Using a combination of Bitcoin (for handling user registration and logins), BitTorrent (for peer-to-peer handling of posts), and Lavabit (for message security) protocols, Twister aims to provide a decentralized peer-to-peer microblogging service that, unlike Twitter, is not controlled by just one company. As Freitas told Wired,
‘As much as I like using Twitter for news reading, the possibility of a single entity being able to control this important flux of information made no sense to me.’
Although the Bitcoin mining protocol is used, it has been completely repurposed to ensuring the order of registrations, so that a nickname belongs to whoever registered it first (similar to the way in which the Bitcoin network ensures that no-one double-spends Bitcoins, and everyone spends only their own coins).
Because it is necessary that the blockchain advance, incentive is needed to persuade people to play the role of ‘miners’, and this is provided by allowing anyone who ‘wins’ to send an advert to all other Twister users. Only one ‘promoted message’ (which Frietas is keen to point out can be used by non-profit organizations to promote a cause) would be shown to users per day, so this should pose only a minor inconvenience.
The Twister service is protected by secp256k1 ecliptic curve encryption, the encryption used by Bitcoin (not the EC encryption compromised by the NSA), while messages are protected by the encryption used by Lavabit, the company that closed down rather than co-operate with the NSA. Frietas, who admits to not being a cryptographer, reasons that if Bitcoin encryption was broken then people would know about it, and that if Lavabit’s encryption was not very secure then the NSA would not have needed to use a court order to force owner Ladar Levison to hand over all its encryption keys.

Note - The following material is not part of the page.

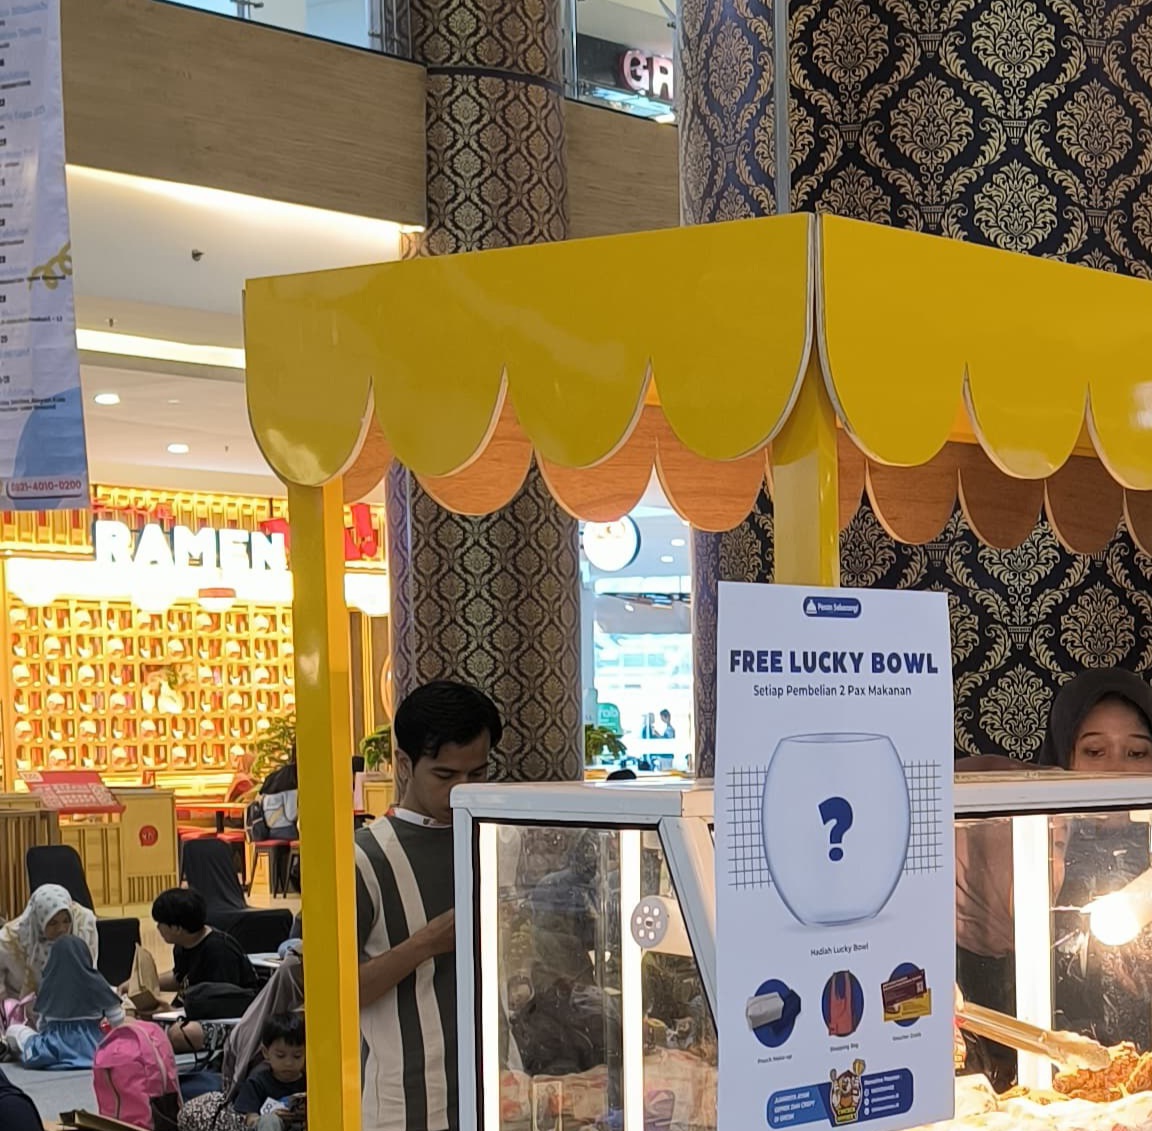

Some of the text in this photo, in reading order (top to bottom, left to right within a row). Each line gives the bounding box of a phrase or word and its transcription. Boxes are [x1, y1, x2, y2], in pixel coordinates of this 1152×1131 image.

Although this reasoning seems sound to us, others have expressed doubts, and Frietas himself suggests using Tor if you are really concerned with hiding your IP address.
At present the software is at the alpha stage only (i.e. it is not feature-complete, and is likely to crash), is very user unfriendly, and is only available for Linux and Android (although you are free to compile the code for Windows yourself). The code is open source, and freely available for inspection.